The district also asserts on appeal that the SETSS progress report does not reflect how the student was functioning in September, October, and November 2023, or after the date of the progress report, i.e., as of March 2024.[11] The district's argument is not persuasive, as it is unclear how a parent would have evidence of progress available to her soon after the student commenced receiving SETSS from EdZone (see Parent Ex. F ¶ 6). In any event, while evidence of progress may be a relevant factor to be considered in determining whether a unilateral placement is appropriate (Gagliardo, 489 F.3d at 115, citing Berger, 348 F.3d at 522 and Rafferty v. Cranston Public Sch. Comm., 315 F.3d 21, 26-27 [1st Cir. 2002]), it is not required for a determination that a unilateral placement is appropriate (Scarsdale Union Free Sch. Dist. v. R.C., 2013 WL 563377, at *9-*10 [S.D.N.Y. Feb. 4, 2013] [noting that evidence of academic progress is not dispositive in determining whether a unilateral placement is appropriate].
Additionally, although the district argued during the impartial hearing that the student's SETSS providers from EdZone lacked appropriate certification, it is well-settled that a parent need not engage the services of a certified special education teacher—or, as here, a SETSS provider—in order to qualify for reimbursement or direct funding of those services (Carter, 510 U.S. 7, 14 [noting that unilateral placements need not meet state standards such as state certification for teachers]). Here, the student's SETSS providers held teaching certificates for students with disabilities for birth through second grade (see Tr. p. 119; Dist. Ex. 5). While it is true that the student in this matter was a seventh grade student, it is also true that the student demonstrated academic skills below his grade level and the district has not otherwise argued that the instruction provided by the SETSS providers was not specially designed to meet the unique needs of the student. Therefore, whether the SETSS providers held a teaching certificate specific to the student's grade level would not, per se, be determinative of whether the SETSS delivered to the student was appropriate to meet his needs.
The district has not identified any other grounds for reversing the IHO's conclusion regarding the appropriateness of the parent's unilaterally-obtained SETSS for the student for the 2023-24 school year. Upon an independent review of the record, the SETSS delivered by EdZone were appropriate to meet the student's needs and provided the student with specially designed instruction (see Gagliardo, 489 F.3d at 112; Frank G., 459 F.3d at 364-65).

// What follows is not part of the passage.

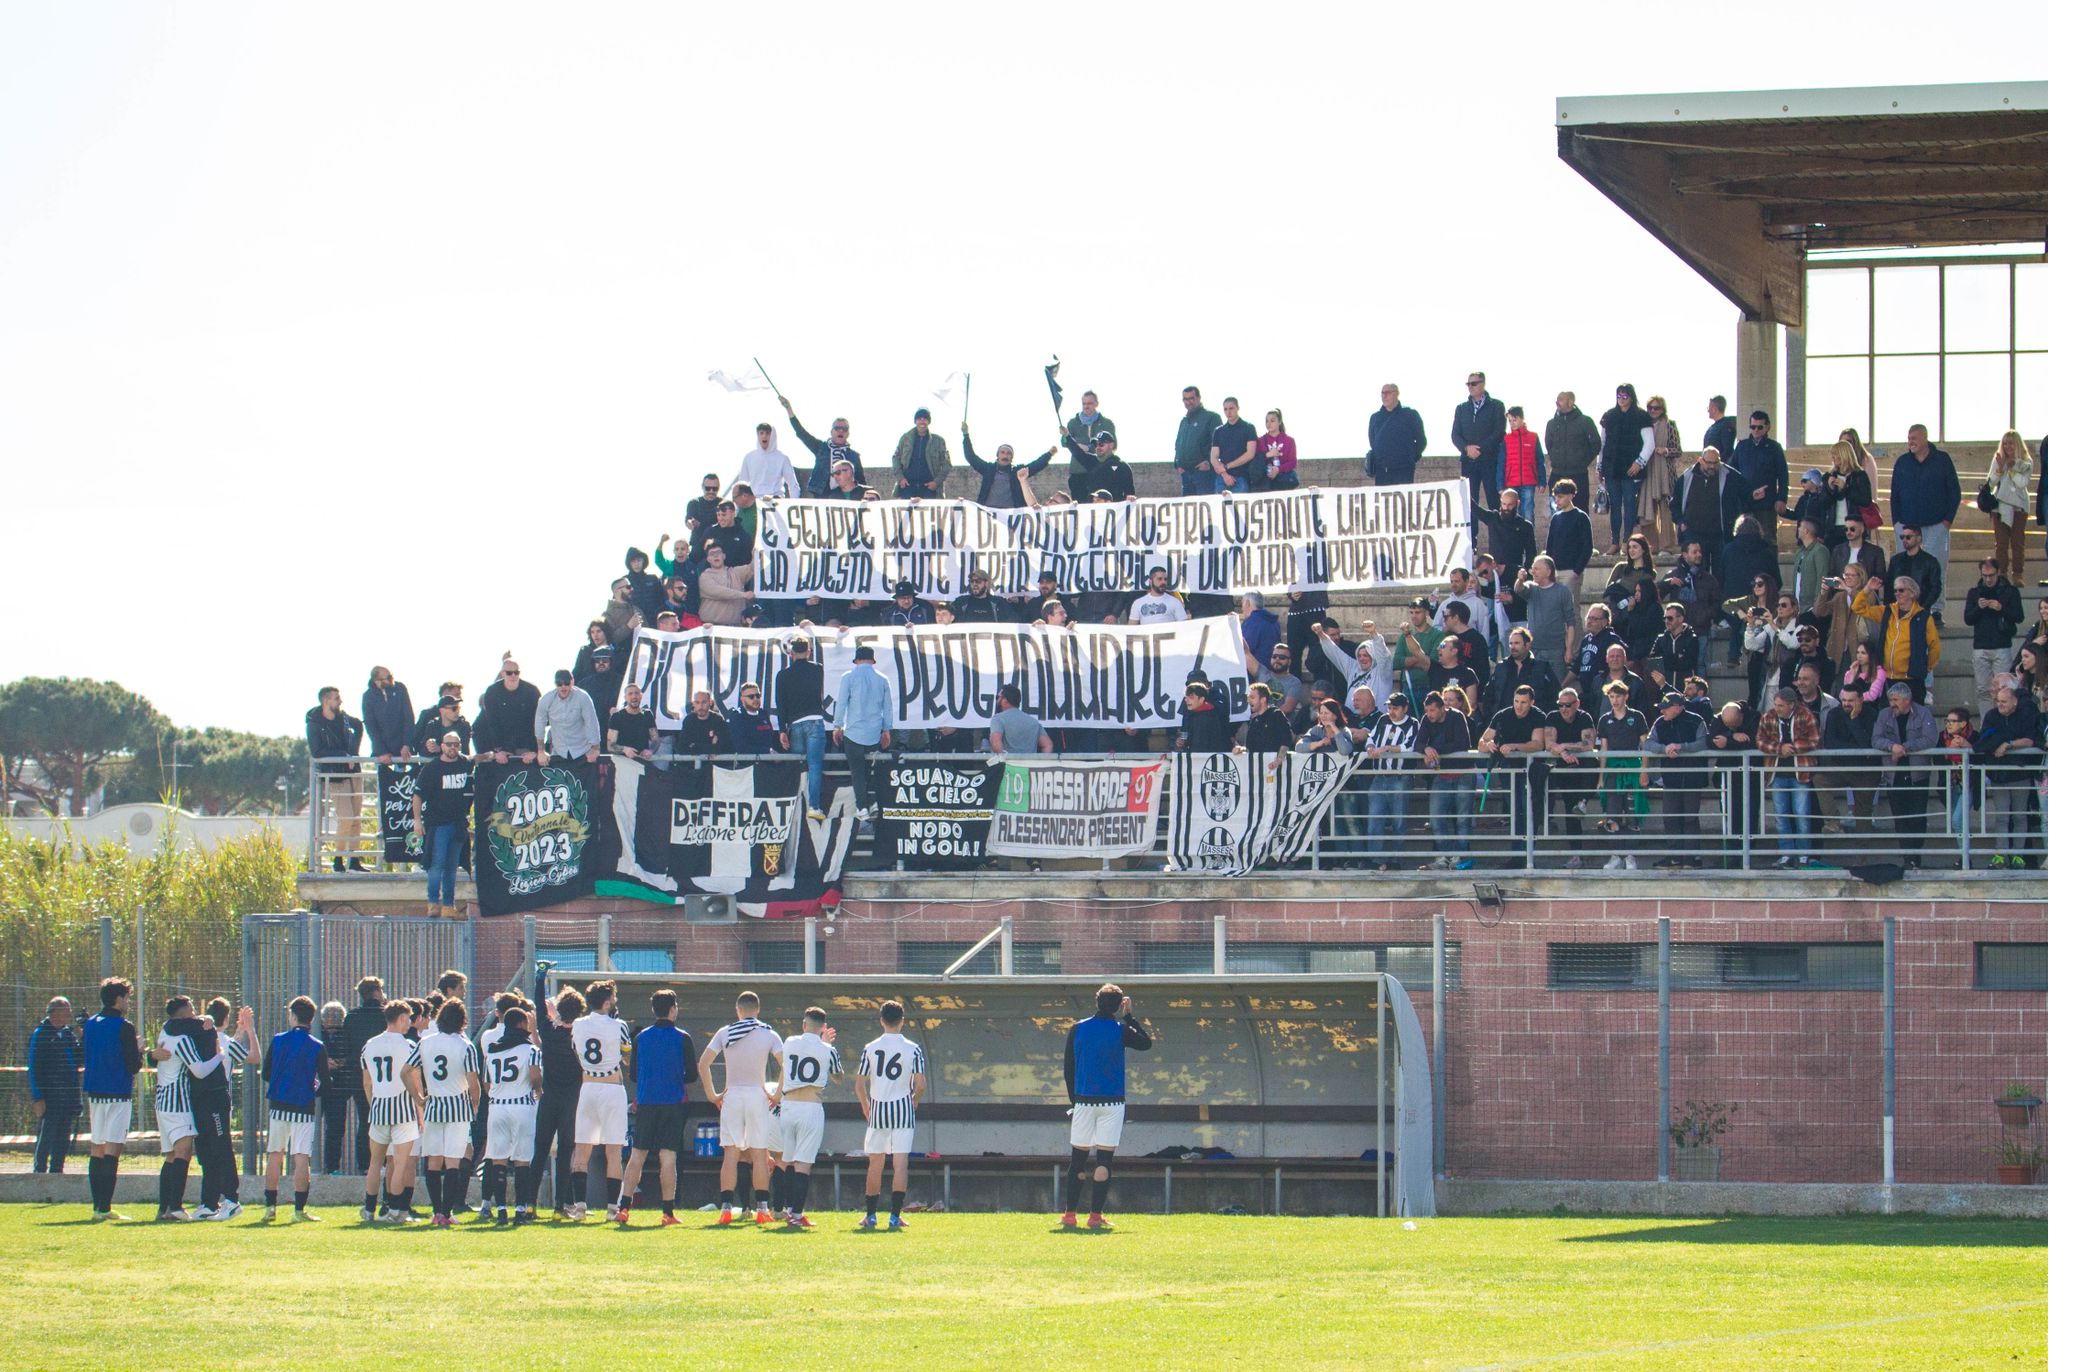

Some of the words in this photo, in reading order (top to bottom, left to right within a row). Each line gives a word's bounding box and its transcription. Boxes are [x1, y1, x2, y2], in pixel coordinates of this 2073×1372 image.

C. Equitable Considerations
Having determined that the SETSS delivered by EdZone were appropriate to meet the student's needs, the next inquiry is whether equitable considerations weigh in favor of the parent's requested relief to fund the unilaterally-obtained SETSS at a rate of $198 per hour for the 2023-24 school year.

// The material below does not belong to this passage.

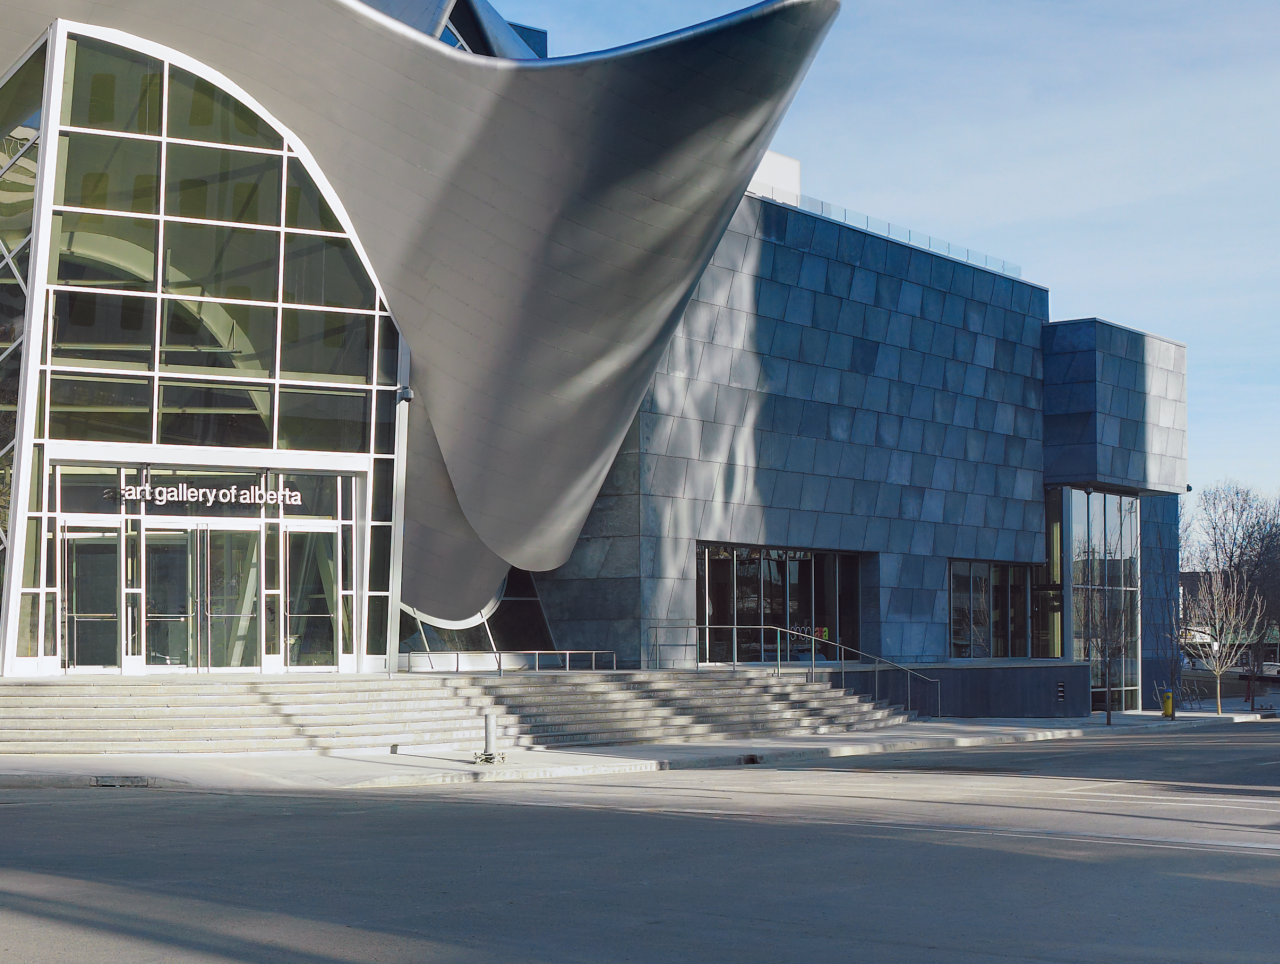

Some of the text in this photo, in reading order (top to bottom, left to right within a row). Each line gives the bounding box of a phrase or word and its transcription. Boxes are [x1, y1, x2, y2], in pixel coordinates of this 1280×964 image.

[125, 482, 302, 507] art gallery of alberta
[790, 622, 812, 644] shop

The final criterion for a reimbursement award is that the parents' claim must be supported by equitable considerations. Equitable considerations are relevant to fashioning relief under the IDEA (Burlington, 471 U.S. at 374; R.E., 694 F.3d at 185, 194; M.C. v. Voluntown Bd. of Educ., 226 F.3d 60, 68 [2d Cir. 2000]; see Carter, 510 U.S. at 16 ["Courts fashioning discretionary equitable relief under IDEA must consider all relevant factors, including the appropriate and reasonable level of reimbursement that should be required. Total reimbursement will not be appropriate if the court determines that the cost of the private education was unreasonable"]; L.K. v. New York City Dep't of Educ., 674 Fed. App'x 100, 101 [2d Cir. Jan. 19, 2017]). With respect to equitable considerations, the IDEA also provides that reimbursement may be reduced or denied when parents fail to raise the appropriateness of an IEP in a timely manner, fail to make their child available for evaluation by the district, or upon a finding of unreasonableness with respect to the actions taken by the parents (20 U.S.C. § 1412[a][10][C][iii]; 34 CFR 300.148[d]; E.M. v. New York City Dep't of Educ., 758 F.3d 442, 461 [2d Cir. 2014] [identifying factors relevant to equitable considerations, including whether the withdrawal of the student from public school was justified, whether the parent provided adequate notice, whether the amount of the private school tuition was reasonable, possible scholarships or other financial aid from the private school, and any fraud or collusion on the part of the parent or private school]; C.L., 744 F.3d at 840 [noting that "[i]mportant to the equitable consideration is whether the parents obstructed or were uncooperative in the school district's efforts to meet its obligations under the IDEA"]).
Reimbursement may be reduced or denied if parents do not provide notice of the unilateral placement either at the most recent CSE meeting prior to their removal of the student from public school, or by written notice 10 business days before such removal, "that they were rejecting the placement proposed by the public agency to provide a [FAPE] to their child, including stating their concerns and their intent to enroll their child in a private school at public expense" (20 U.S.C. § 1412[a][10][C][iii][I]; see 34 CFR 300.148[d][1]). This statutory provision "serves the important purpose of giving the school system an opportunity, before the child is removed, to assemble a team, evaluate the child, devise an appropriate plan, and determine whether a [FAPE] can be provided in the public schools" (Greenland Sch. Dist. v. Amy N., 358 F.3d 150, 160 [1st Cir. 2004]). Although a reduction in reimbursement is discretionary, courts have upheld the denial of reimbursement in cases where it was shown that parents failed to comply with this statutory provision (Greenland, 358 F.3d at 160; Ms. M. v. Portland Sch. Comm., 360 F.3d 267 [1st Cir. 2004]; Berger v. Medina City Sch. Dist., 348 F.3d 513, 523-24 [6th Cir. 2003]; Rafferty v. Cranston Public Sch. Comm., 315 F.3d 21, 27 [1st Cir. 2002]); see Frank G., 459 F.3d at 376; Voluntown, 226 F.3d at 68).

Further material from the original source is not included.